Power key challenge in race to exascale computing

Warm-water cooling will play a key role in making exascale supercomputers a reality, says Lenovo’s Joao Almeida

Lenovo ANZ DCG CTO, Joao Almeida

Lenovo ANZ DCG CTO, Joao Almeida

Addressing the enormous power demands of exascale computing remains the biggest challenge in the race to push the boundaries of supercomputing, according to Joao Almeida, CTO at Lenovo ANZ’s Data Centre Group.

Exascale supercomputers remain at least two or three years away, but teams in the US, the EU, China and Japan are hard at work on tackling the technical barriers to systems that can deliver sustained performance in excess of 1000 petaflops.

In June, China’s National Research Centre of Parallel Computer Engineering and Technology and the National Supercomputing Centre revealed plans to launch an exascale prototype system by June next year.

The Sunway system is one of three projects in China to build exascale prototypes.

Earlier this month, the Mont-Blanc 2020 effort to build a low-power processor for exascale computing kicked off. The project is funded by the European Commission under the Horizon2020 program.

Meanwhile, the Exascale Computing Project, a collaboration between the Office of Science and the National Nuclear Security Administration, is seeking to push forward supercomputing development in the United States.

Meeting, and where possible reducing, the energy demands of exascale-capable systems remains a key focus for project teams around the world, Almeida said.

The current fastest supercomputer— Sunway TaihuLight based at China’s National Supercomputing Centre — is capable of sustained performance of 93 petaflops and requires over 15 megawatts of power to run.

“An exascale system is 1000 times bigger than petaflop system, so you can see the amount of power consumption that is needed to run a system that size is massive,” Almeida said. “It’s bigger than some of the cities in the world.”

The energy swing when a supercomputer receives a job can be “a challenge for a power grid to deliver”, the CTO added. “It’s like turning on an entire city at the same time.”

Almeida said that exascale requires technological advances on two key fronts. The first is CPU and GPU designs.

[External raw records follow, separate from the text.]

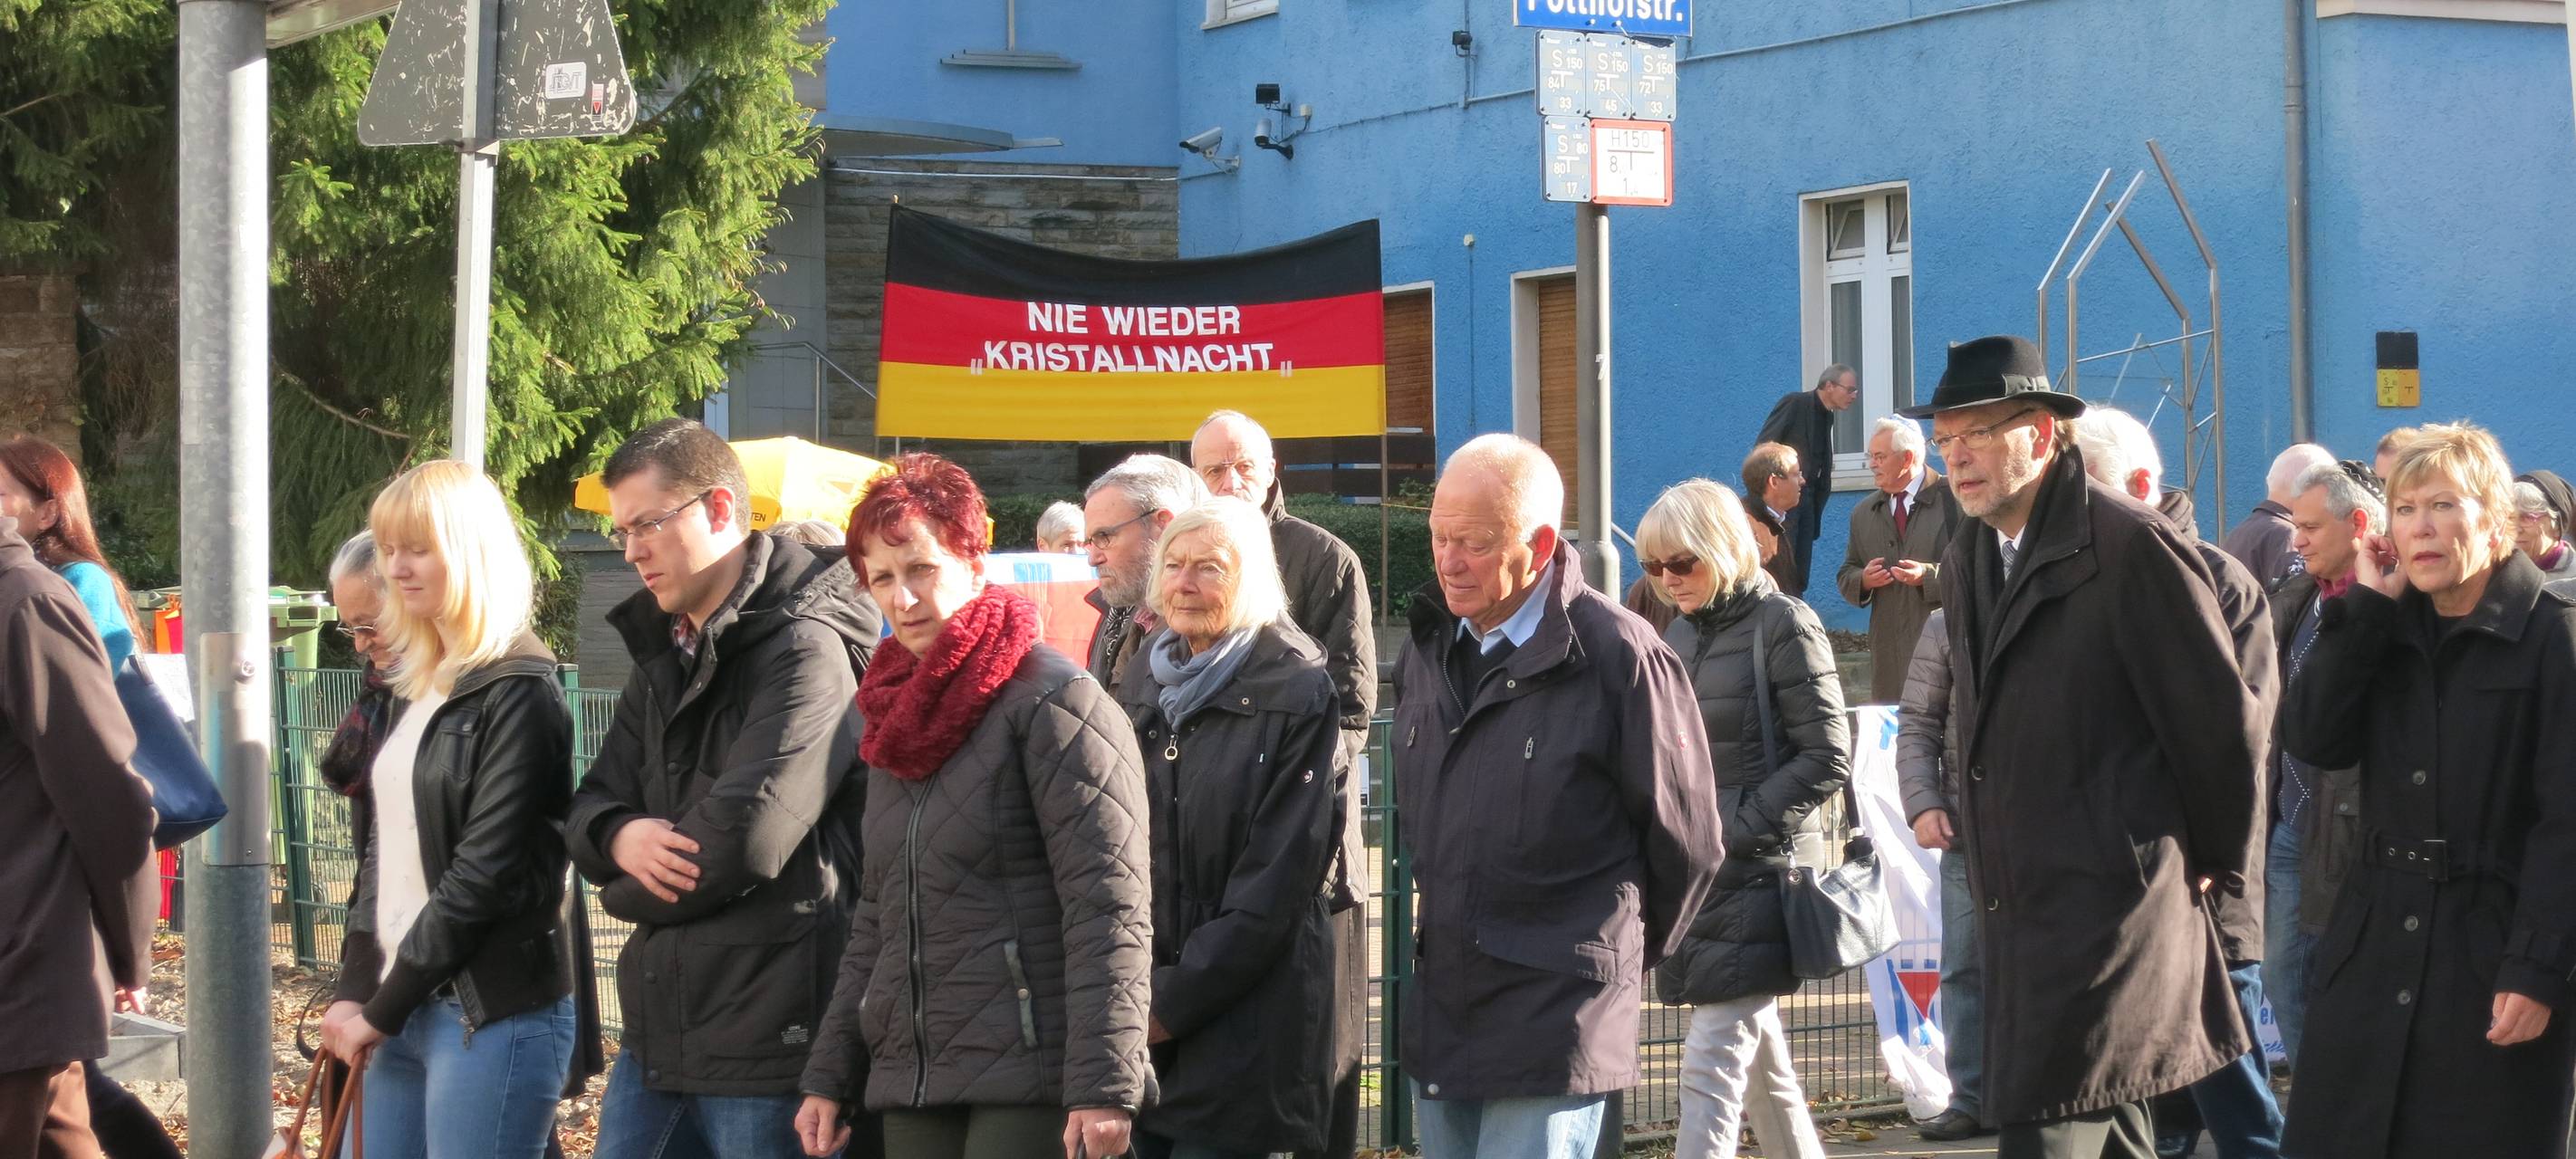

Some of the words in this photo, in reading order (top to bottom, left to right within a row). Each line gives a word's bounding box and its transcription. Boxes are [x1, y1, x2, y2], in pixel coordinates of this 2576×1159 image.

[1552, 49, 1562, 68] S
[1566, 56, 1583, 70] 150
[1597, 53, 1609, 71] S
[1611, 59, 1629, 72] 150
[1643, 55, 1653, 73] S
[1558, 134, 1568, 153] S
[1576, 141, 1589, 155] 80
[1027, 302, 1088, 334] NIE
[1101, 305, 1241, 336] WIEDER

Over the last few years there has been a “very, very high level of innovation and improvement on CPU/GPU technologies,” he said. “They’re getting more and more compute capacity on the same power density.”

The other is watercooling technologies, Almeida said, which is an area where Lenovo believes it can make a significant contribution to the exascale race.

“Any system that is going to be exascale has to be water cooled,” he said. “It’s simply impossible to air cool, like we used to do, a system of that size.”

The vendor expects to shortly announce details of a new supercomputer project that represents “a real breakthrough in terms of watercooling innovation”.

Almeida said that Lenovo’s key innovation is hot-water cooling, employing water at significantly warmer temperatures than most watercooling systems.

“We’re running watercooling technologies with 55-degree input water,” he said. “That’s warm water without the need to have it chilled. Just the fact that you don’t have to chill the water is an advantage on its own because of the wasted energy that it takes to chill water.”

“Running hot water you can actually do a very interesting exercise,” he added. “You take warm water at 55 degrees and you run it through the system – it comes out at about 65 degrees; so about 10 to 12 degrees variance.”

That output water can be fed through absorption chillers to cool systems, such as storage, that are not appropriate for direct watercooling.

Lenovo’s approach involves a “holistic system view,” Almeida said. “We cool the entire system and we go beyond the entire system — we go into other parts of the data centre,” he said.

The approach can deliver heat recovery efficiencies in excess of 90 per cent, he added.

“We started a very long time ago and this is our fourth generation of warm watercooling technology,” the CTO said. “If you look at the experience we have running very large systems worldwide, it puts us in a leading position in relation our competitors.”

“We can go up to 93 per cent heat recovery, and the 7 per cent is really something we cannot do anything about because it’s radiant heat – there’s really nothing else we can do about it at the moment,” he added.

The innovations that make exascale computing possible will flow through to smaller systems, Almeida said. “The race for exascale is going to produce what I believe is a breakthrough in CPU innovation,” the CTO said. We’re going to be learning many lessons from that challenge, and those lessons will be trickling down,” he said.

Lenovo’s hot-water approach to watercooling is already employed in a 30-node system as well as a number of similar-sized systems.

“Our solution is very modular,” Almeida said. The smallest system that it can work on is a 6U installation, the CTO said.

“So if a customer is focusing on energy efficiency, they can start with a 6U-high compute cluster which has 12 compute nodes and that can be directly watercooled. We’re already using that technology to cater to some of our customers with smaller workload needs.”

Almeida drew an analogy with Formula One and the development of anti-lock braking systems.

“It was developed for F1 and now every car in the world and motorcycle in the world has ABS,” the CTO said. “I think that the biggest advantage from the exascale race is going to be the innovation that we’re going to get from energy efficiency, cooling technologies, CPU efficiency and compute technologies.”